▼

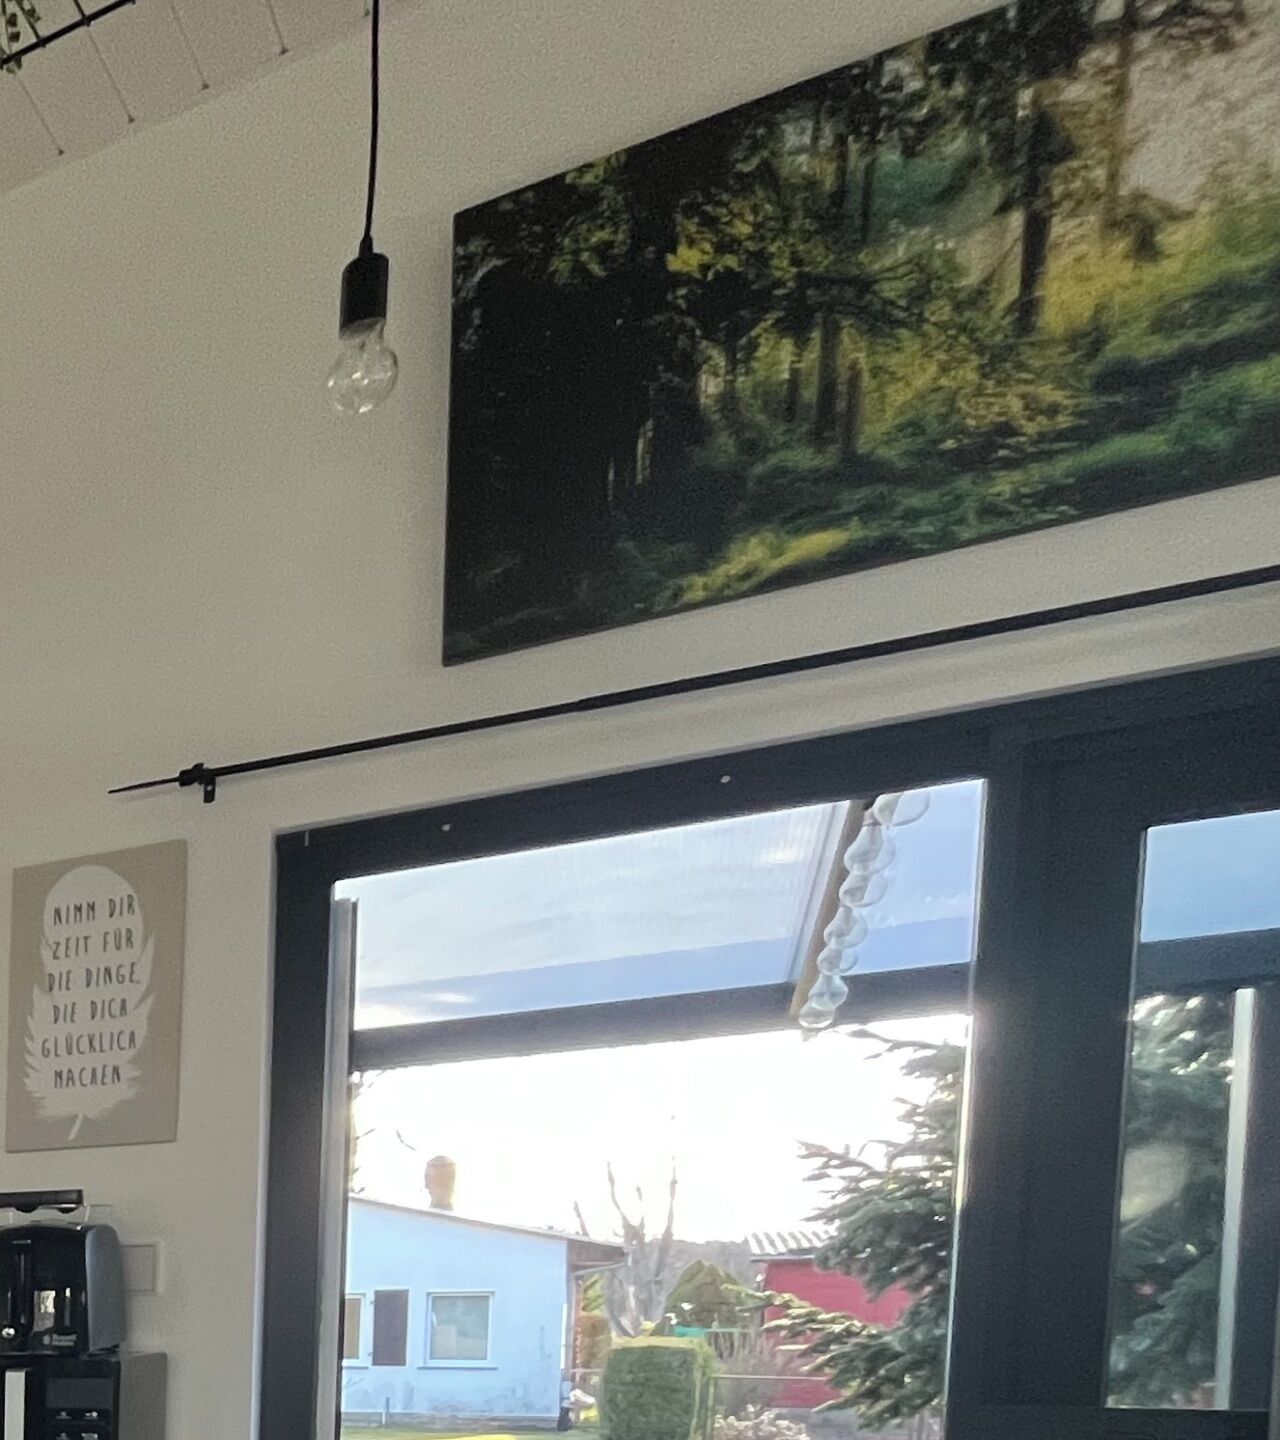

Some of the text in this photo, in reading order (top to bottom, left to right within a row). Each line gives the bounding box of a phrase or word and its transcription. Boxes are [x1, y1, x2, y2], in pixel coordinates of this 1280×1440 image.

[53, 894, 136, 926] NIMM DIR
[52, 927, 134, 960] ZEIT FÜR
[47, 970, 72, 992] DIE
[52, 1002, 76, 1025] DIE
[53, 1064, 121, 1088] MACHEN
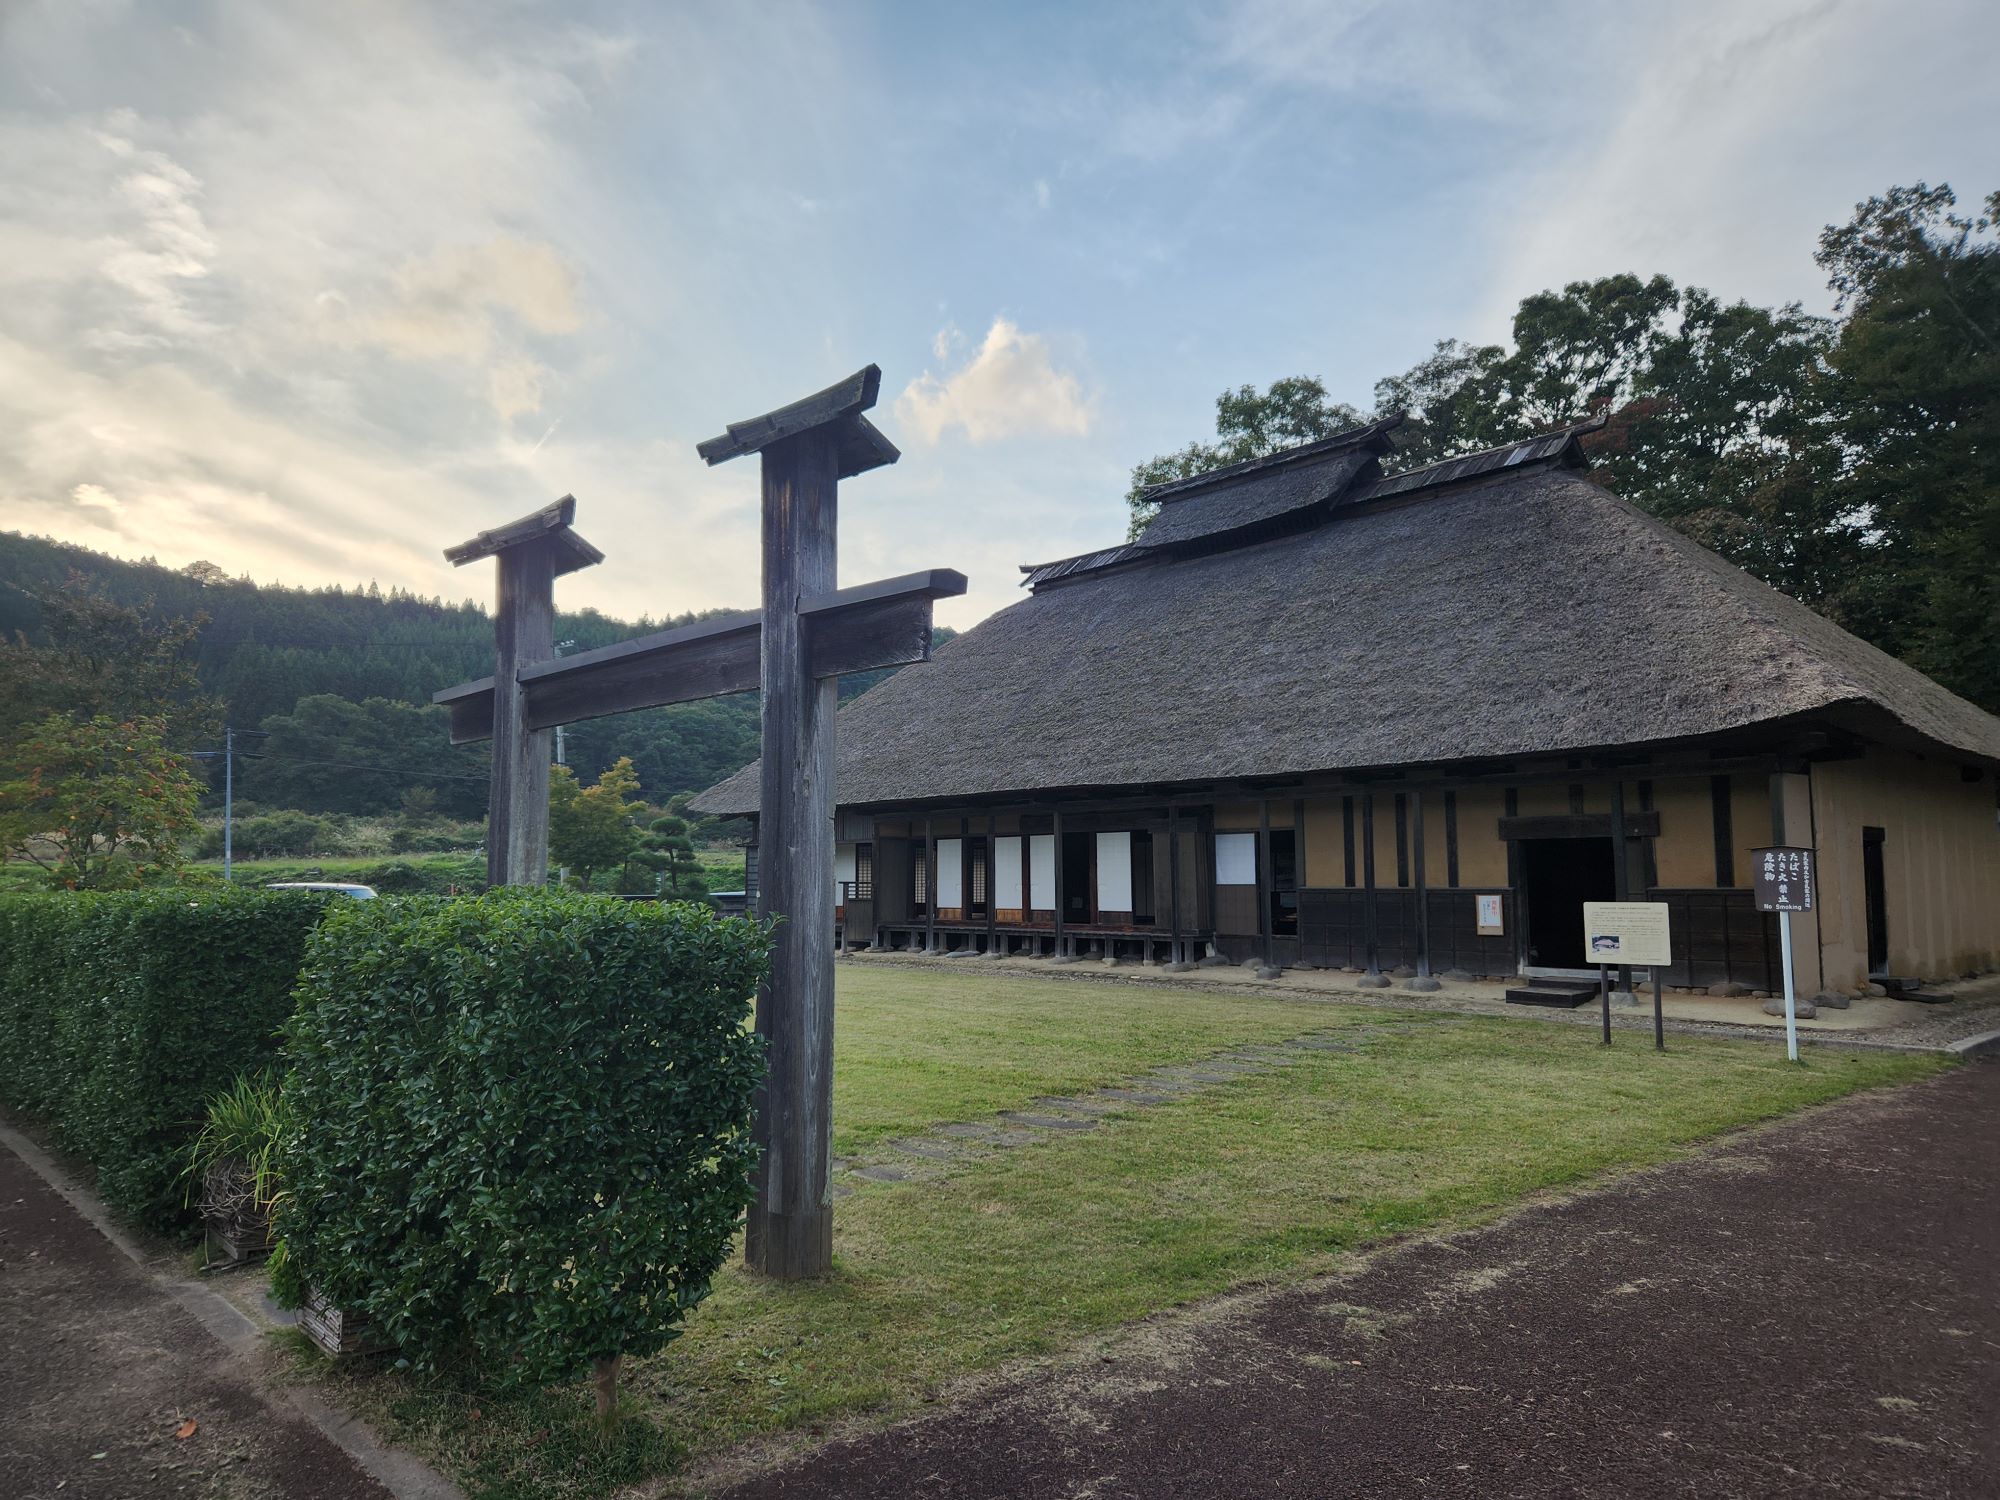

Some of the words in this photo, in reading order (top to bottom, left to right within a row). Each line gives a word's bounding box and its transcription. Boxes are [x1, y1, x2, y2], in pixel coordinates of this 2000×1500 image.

▲

■ **BRIEF**
Print all entries exactly, without images.

■ **THE ANSWER**
Some of the text in this photo, in reading order (top to bottom, left to right within a row). Each line gives the bounding box of a phrase or word and its transcription. Boxes are [x1, y1, x2, y2], in pixel coordinates of this 1280×1440 image.

[53, 894, 136, 926] NIMM DIR
[52, 927, 134, 960] ZEIT FÜR
[47, 970, 72, 992] DIE
[52, 1002, 76, 1025] DIE
[53, 1064, 121, 1088] MACHEN

Some of the words in this photo, in reading order (top to bottom, left to right within a row). Each line gives a word's bounding box and its transcription. Boxes are [x1, y1, x2, y2], in pixel coordinates of this 2000×1500 image.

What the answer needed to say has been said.